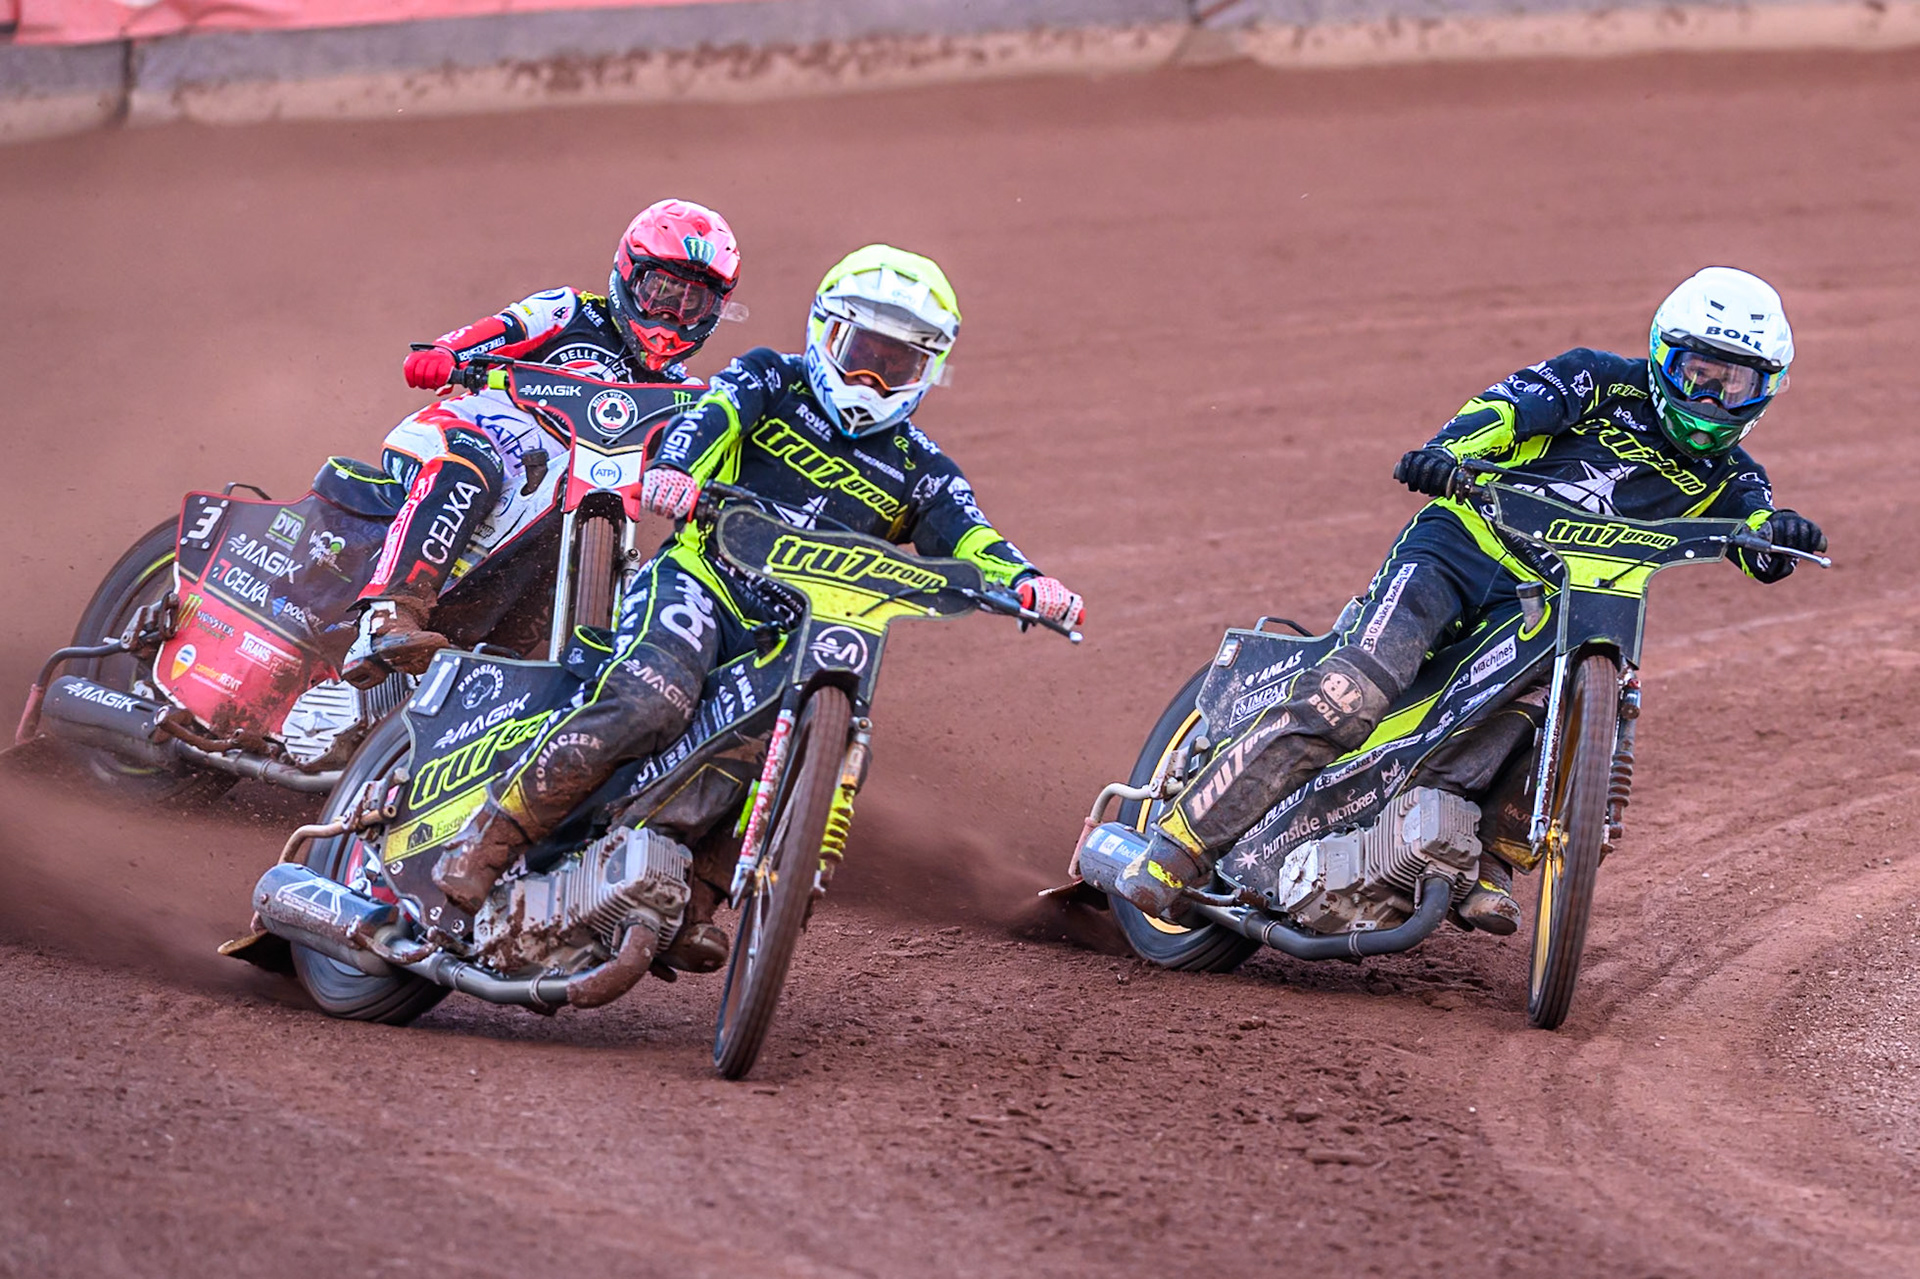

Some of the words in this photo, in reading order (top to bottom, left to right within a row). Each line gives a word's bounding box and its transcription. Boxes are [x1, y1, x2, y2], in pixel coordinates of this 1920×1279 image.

[559, 349, 599, 363] BELLE
[1705, 326, 1764, 353] BOLL
[594, 469, 616, 479] ATPI
[187, 505, 222, 540] 3
[273, 513, 301, 541] DVR
[421, 480, 482, 565] CELKA
[223, 566, 272, 608] CELKA
[1218, 643, 1236, 662] 5
[1258, 650, 1304, 684] ANLAS
[1472, 641, 1514, 676] Machines
[1307, 693, 1342, 728] BOLL
[1325, 787, 1379, 825] MOTOREX
[1261, 814, 1322, 861] burnside
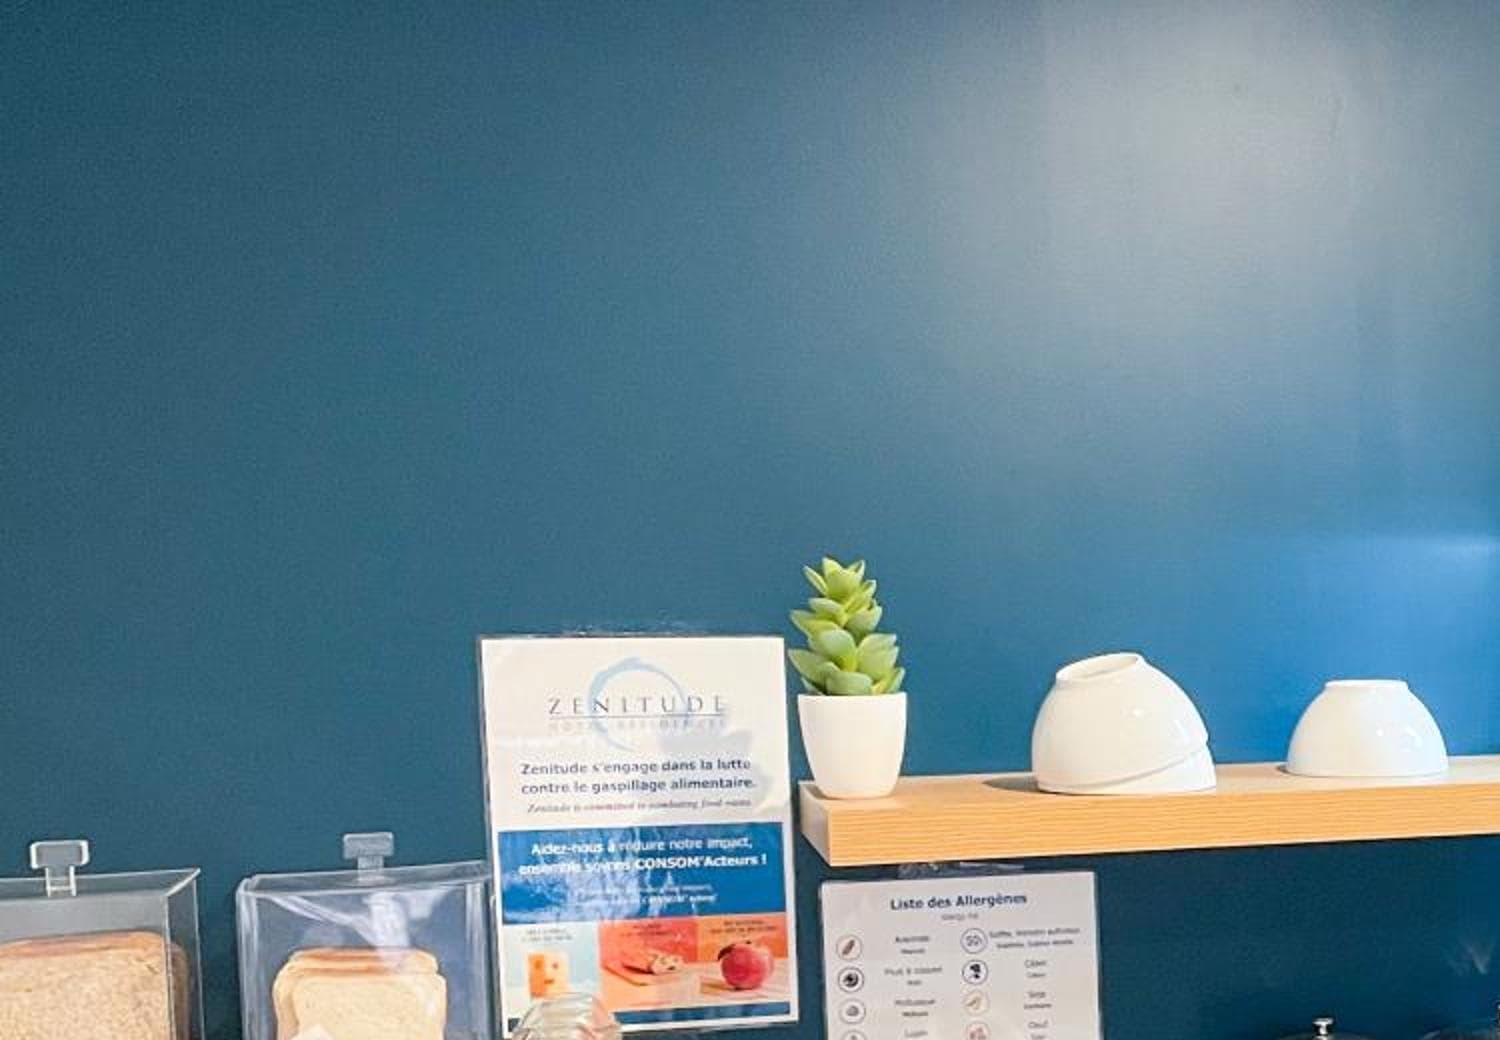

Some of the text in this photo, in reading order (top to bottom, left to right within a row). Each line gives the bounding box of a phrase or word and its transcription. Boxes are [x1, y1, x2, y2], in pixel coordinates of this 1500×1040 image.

============================================================

:: What you need to do ::
Pictures stay out of the answer; the rest of the listing above is returned exactly.

:: Solution to this exercise ::
Some of the words in this photo, in reading order (top to bottom, left to right within a row). Each line gives a word's bounding box and its transcription. Boxes are [x1, y1, x2, y2], in pixel coordinates of this 1920×1279 image.

[559, 349, 599, 363] BELLE
[1705, 326, 1764, 353] BOLL
[594, 469, 616, 479] ATPI
[187, 505, 222, 540] 3
[273, 513, 301, 541] DVR
[421, 480, 482, 565] CELKA
[223, 566, 272, 608] CELKA
[1218, 643, 1236, 662] 5
[1258, 650, 1304, 684] ANLAS
[1472, 641, 1514, 676] Machines
[1307, 693, 1342, 728] BOLL
[1325, 787, 1379, 825] MOTOREX
[1261, 814, 1322, 861] burnside

Some of the text in this photo, in reading order (top to bottom, left to right within a row). Each line gives the bounding box of a phrase or word and its transcription. Boxes are [x1, y1, x2, y2], in pixel coordinates of this 1500×1040 image.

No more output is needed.